Feijão carioca sobe com oferta curta e demanda firme
Transição entre safras reduz disponibilidade e sustenta preços mais elevados para grãos de melhor qualidade
O mercado de feijão carioca registrou valorização na última semana, impulsionado pela combinação de oferta restrita e demanda aquecida, especialmente por grãos de melhor qualidade. O movimento ocorre em um momento típico de transição entre o fim da primeira safra e o início da segunda, período em que a disponibilidade tende a ser mais limitada.
De acordo com o Centro de Estudos Avançados em Economia Aplicada, o comportamento das cotações indica um mercado firme, com aumentos disseminados e boa aceitação por parte dos compradores, principalmente para lotes superiores. Esse cenário reforça o desequilíbrio pontual entre oferta e demanda no curto prazo.

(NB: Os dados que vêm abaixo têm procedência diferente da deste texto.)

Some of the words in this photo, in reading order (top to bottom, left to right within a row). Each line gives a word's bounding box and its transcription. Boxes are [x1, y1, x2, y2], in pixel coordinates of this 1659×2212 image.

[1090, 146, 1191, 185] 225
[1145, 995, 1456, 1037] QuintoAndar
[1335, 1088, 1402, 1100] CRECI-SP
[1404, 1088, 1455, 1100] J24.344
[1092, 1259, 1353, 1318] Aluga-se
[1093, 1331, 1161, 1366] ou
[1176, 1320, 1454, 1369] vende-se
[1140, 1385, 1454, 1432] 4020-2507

A restrição de grãos com padrão mais elevado tem sido determinante para sustentar os preços, beneficiando produtores que conseguem entregar qualidade. Ao mesmo tempo, a entrada gradual da segunda safra será um fator-chave para definir o rumo do mercado nas próximas semanas.
No caso do feijão preto, o cenário é diferente. Segundo o Cepea, a demanda mais irregular limita a reação dos preços, mesmo em momentos de menor oferta. Com isso, o mercado segue com comportamento mais contido em comparação ao carioca.
A tendência, no curto prazo, é de manutenção do viés firme para o feijão carioca, enquanto o setor acompanha de perto o avanço da nova safra e a recomposição da oferta no mercado.